So what happens is this: software can cause problems in the world, and the makers are not held responsible. When virus corrupts your files in your Windows laptop, Microsoft is not on the hook. When hackers break banks to steal money, the makers of faulty software that made that easy to happen are not charged. When hackers break into your firm to manipulate your data, you do not return to the software company, suing them for ever selling a product that made that possible.

So, all over the world, the software companies are never faulted. The focus is always on the hackers. There is nothing wrong going after the bad people, of course. The law enforcement will go after them. But no one remembers the person that sold a crappy software product that made that possible, to start with. I am not sure any major software company has been invited by the U.S. Congress to explain why they sell products which are easily hacked. Contrast that to the fire the Congress will send to Ford, GM and Toyota when people are crashing due to faulty cars.

You Never Own Software

Yes, software is one of those products you never own as a company. You have to keep paying licenses to continue to have the rights to use it. Any day you cease to pay the license, you will immediately lose the legal rights to use the product.

Yet, if you are paying and a problem arises like the product has been hacked and your company data stolen, you cannot sue the software firm. You simply rant about hackers. Technically, software ought to be easier to deal with since the users never own the rights. The rights are reserved to the makers. This is far different from cars, for example, where you own all the rights but when challenges come, you still go back to the car makers.

All Together

The most brilliant people in the world are those that architected the structure of pricing software. They elegantly made it possible that value comes to them and risks stay with their clients. Otherwise, there is no reason why the world has not challenged major software companies shipping products which are easily hacked. The makers are brilliant as they have cleverly deflected the burden of product quality with the narratives of hackers being evil.

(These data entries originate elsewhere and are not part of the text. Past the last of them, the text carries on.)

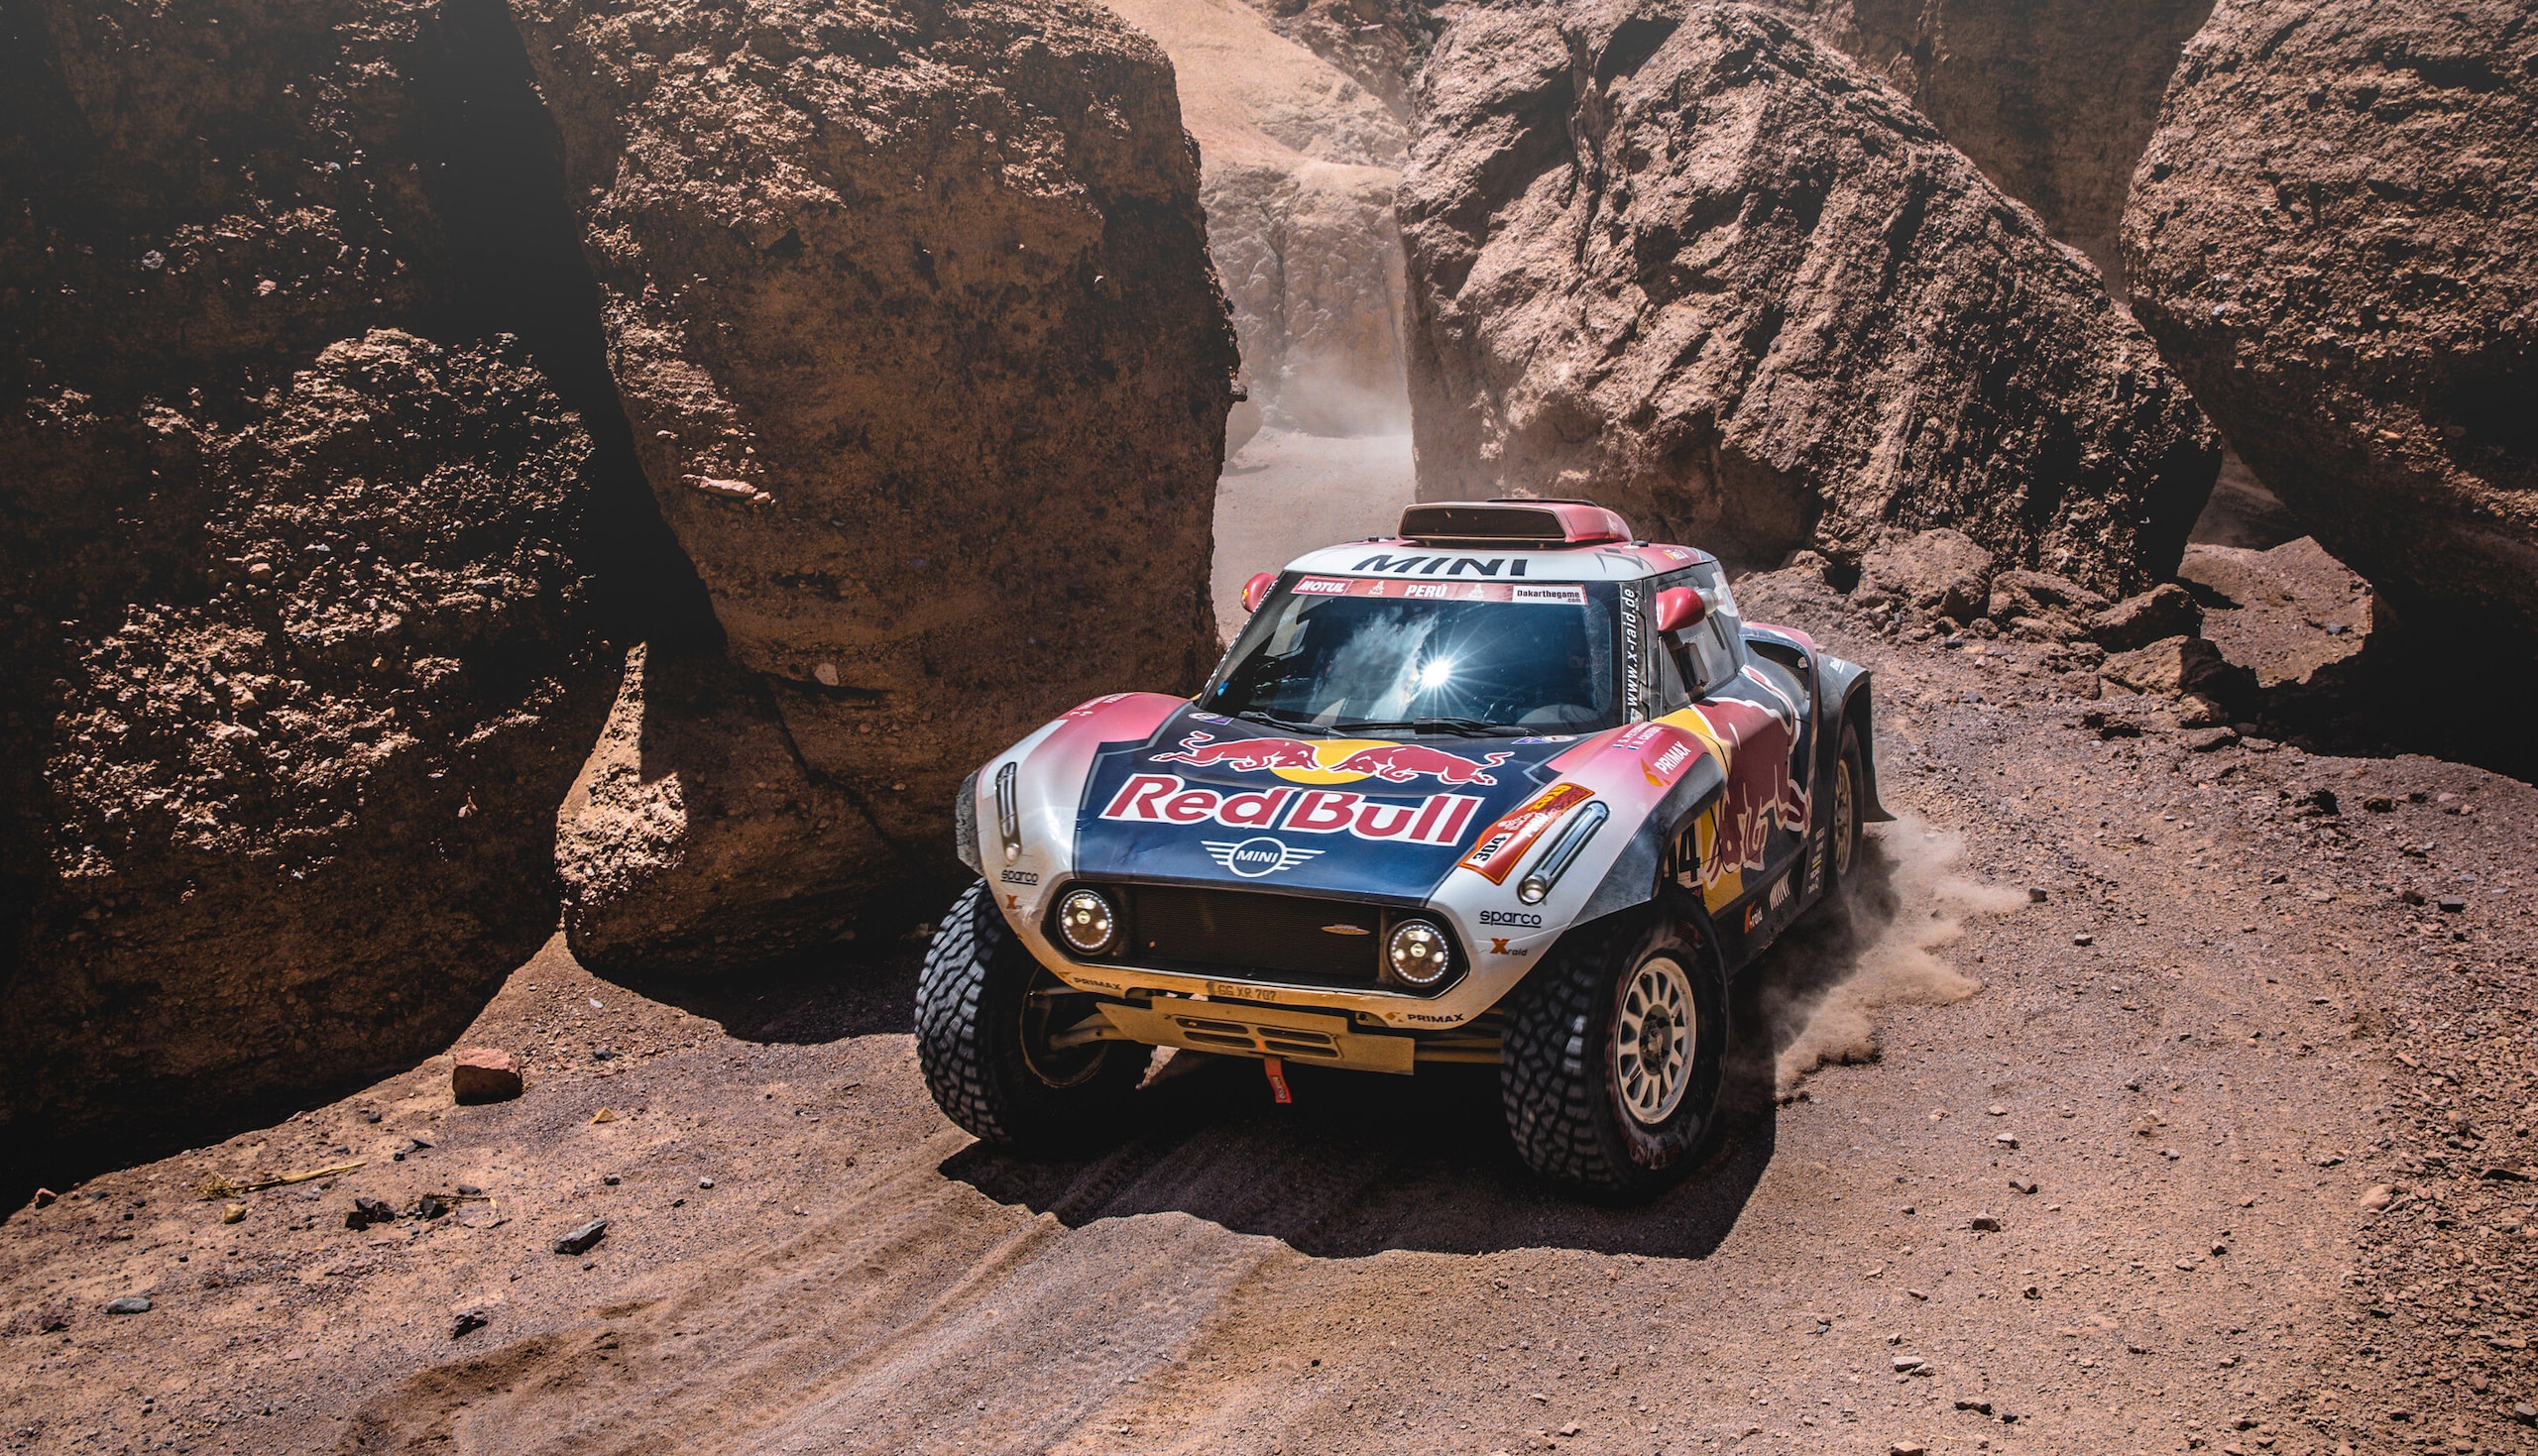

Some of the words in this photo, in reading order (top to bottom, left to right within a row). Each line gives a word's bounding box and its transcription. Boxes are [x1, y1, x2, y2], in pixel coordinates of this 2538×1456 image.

[1350, 554, 1528, 577] MINI
[1297, 580, 1346, 593] MOTUL
[1405, 583, 1447, 598] PERÚ
[1517, 590, 1580, 600] Dakarthegame
[1623, 588, 1639, 707] www.x-raid.de
[1653, 740, 1691, 775] PRIMAX
[1097, 773, 1300, 830] Red
[1279, 786, 1485, 846] Bull
[1234, 849, 1279, 864] MINI
[1472, 835, 1507, 862] 304
[1000, 869, 1039, 886] sparco
[1479, 910, 1542, 928] sparco
[1073, 976, 1122, 991] PRIMAX
[1236, 986, 1255, 999] XR
[1255, 989, 1277, 1002] 707
[1407, 1012, 1465, 1024] PRIMAX

Yes, take a closer look, and you will agree that the model is not supposed to be that way: if Ford takes the heat for faulty cars, software makers like Oracle should be held responsible for making hack-able software. But they are not responsible, and they are lucky.

The software men created an industry far superior (for themselves) than anything markets and industries have ever seen. They have made sure you never own what you bought and when you have problems, they are never to be blamed. They pioneered a clever narrative that their faulty products which continue to be hacked are never their faults. That has kept them away from the crosshairs of risks.

If you make and sell software, you better thank the legends that came before you. Why? If not the way they structured the business, trial lawyers would sue you if hackers break your software and inflict damages to their operations. Today, those lawyers cannot come after you, just as they go after Toyota and Ford for faulty cars. The software pioneers are peerless in business contracting innovation: head, they win; tail, they win.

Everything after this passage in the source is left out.